This hypothesis has been further corroborated by the performance of the all-representation combination (C7) on all datasets. As shown in Tables 3, 4, and 5, the model trained on C7 consisting of three parallel convolutional groups that extract features from all three representations performs better than the other combinations (C1 to C6). Therefore, we use this all-representation combination model to train ACP-MHCNN and compare its performance with state-of-the-art methods in the following subsection. To provide more insight into our achieved results, we present receiver operating characteristic (ROC) curves for our achieved results. The ROC curve for ACP-740 (using fivefold cross validation), ACP-240 (using fivefold cross validation), and ACP-164 (using ACP-500 as the training dataset) are shown in Figs. 2, 3, and 4, respectively. The results for ACP-MHCNN when it is trained on ACP-740 dataset and tested on ACP-240 and ACP-164 datasets are provided in Table S1.

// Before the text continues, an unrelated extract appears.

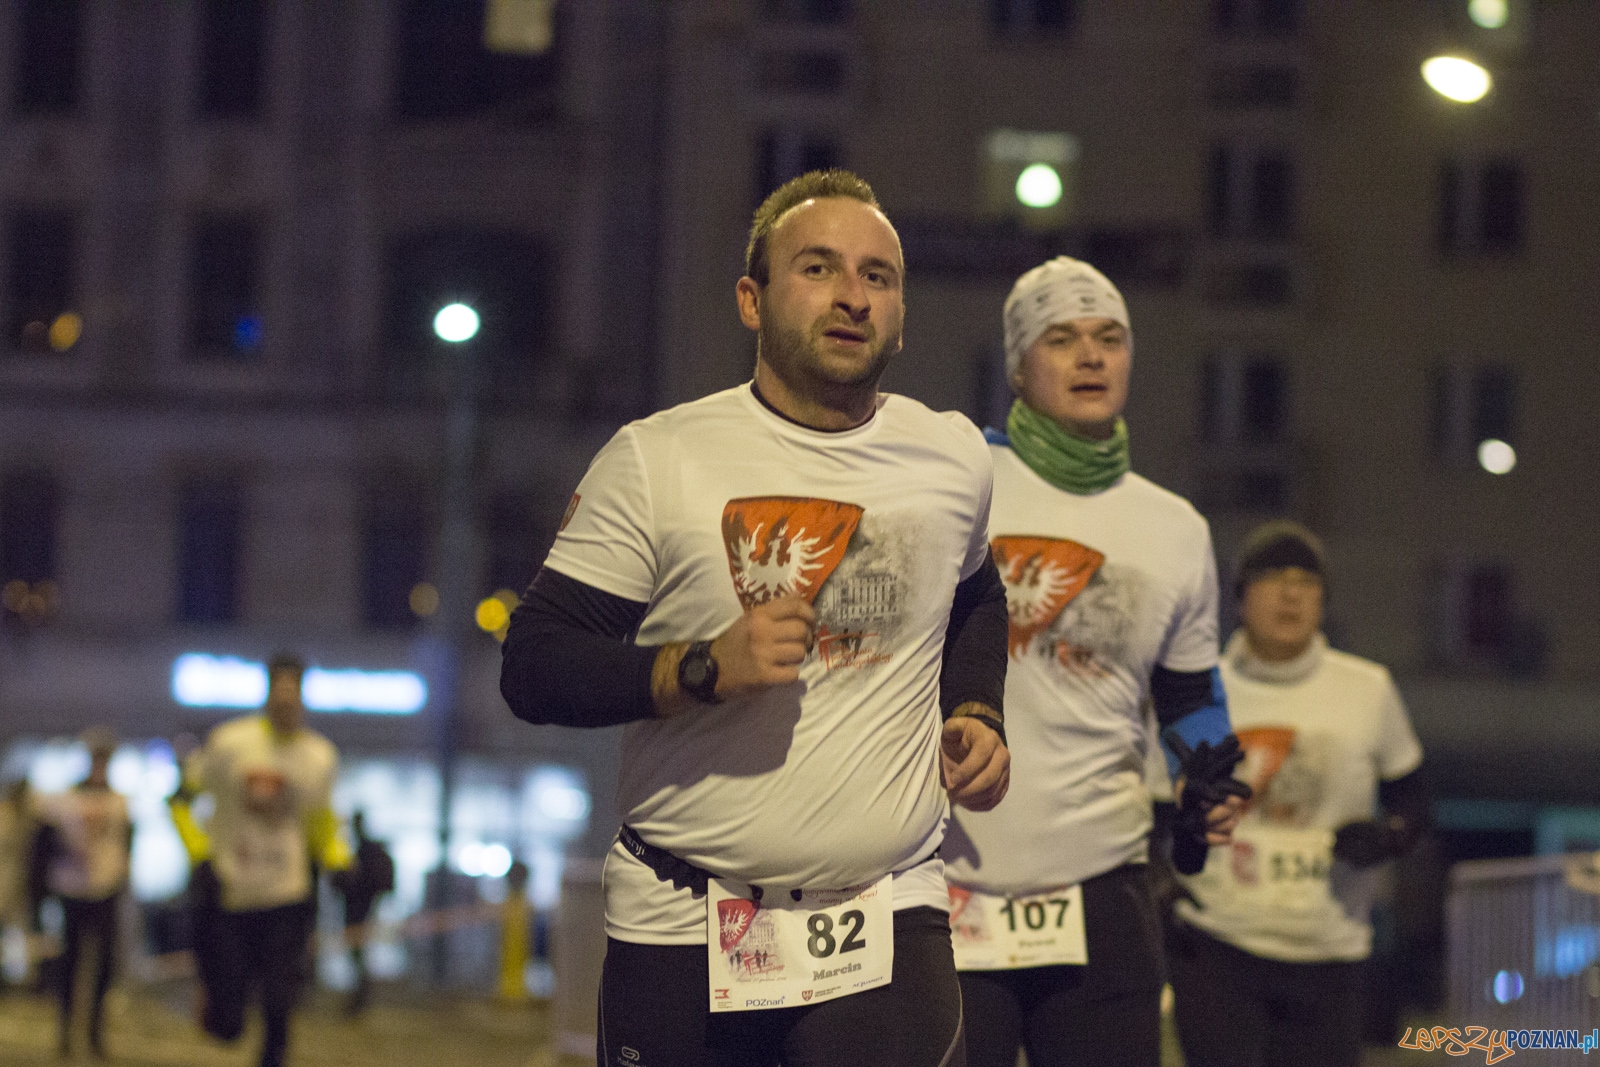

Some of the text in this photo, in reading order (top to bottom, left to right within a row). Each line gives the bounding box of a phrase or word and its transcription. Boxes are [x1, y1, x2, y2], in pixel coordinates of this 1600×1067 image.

[1000, 898, 1069, 932] 107
[807, 909, 866, 959] 82
[813, 962, 862, 981] Marcin

As shown in these figures, we constantly achieve very high Area Under the Curve (AUC) value. We achieve 0.90, 0.88, and 0.93 for ACP-740, ACP-240, and ACP-164, respectively. The consistent AUC achieved on these three benchmarks using different evaluation methods demonstrates the generality of our proposed model. In addition, achieving 0.93 in AUC on ACP-164 which is an independent test set demonstrates the potential of ACP-MHCNN on identifying ACP for new unseen samples.
We perform additional experiments to study the performance of our proposed method when full sequences are utilized instead of partial sequences. For these experiments, the longest sequence in each dataset was kept untouched and rest of the sequences were post-padded accordingly for matching the longest sequence’s length42. These results are reported in Tables 6, 7, and 8, respectively.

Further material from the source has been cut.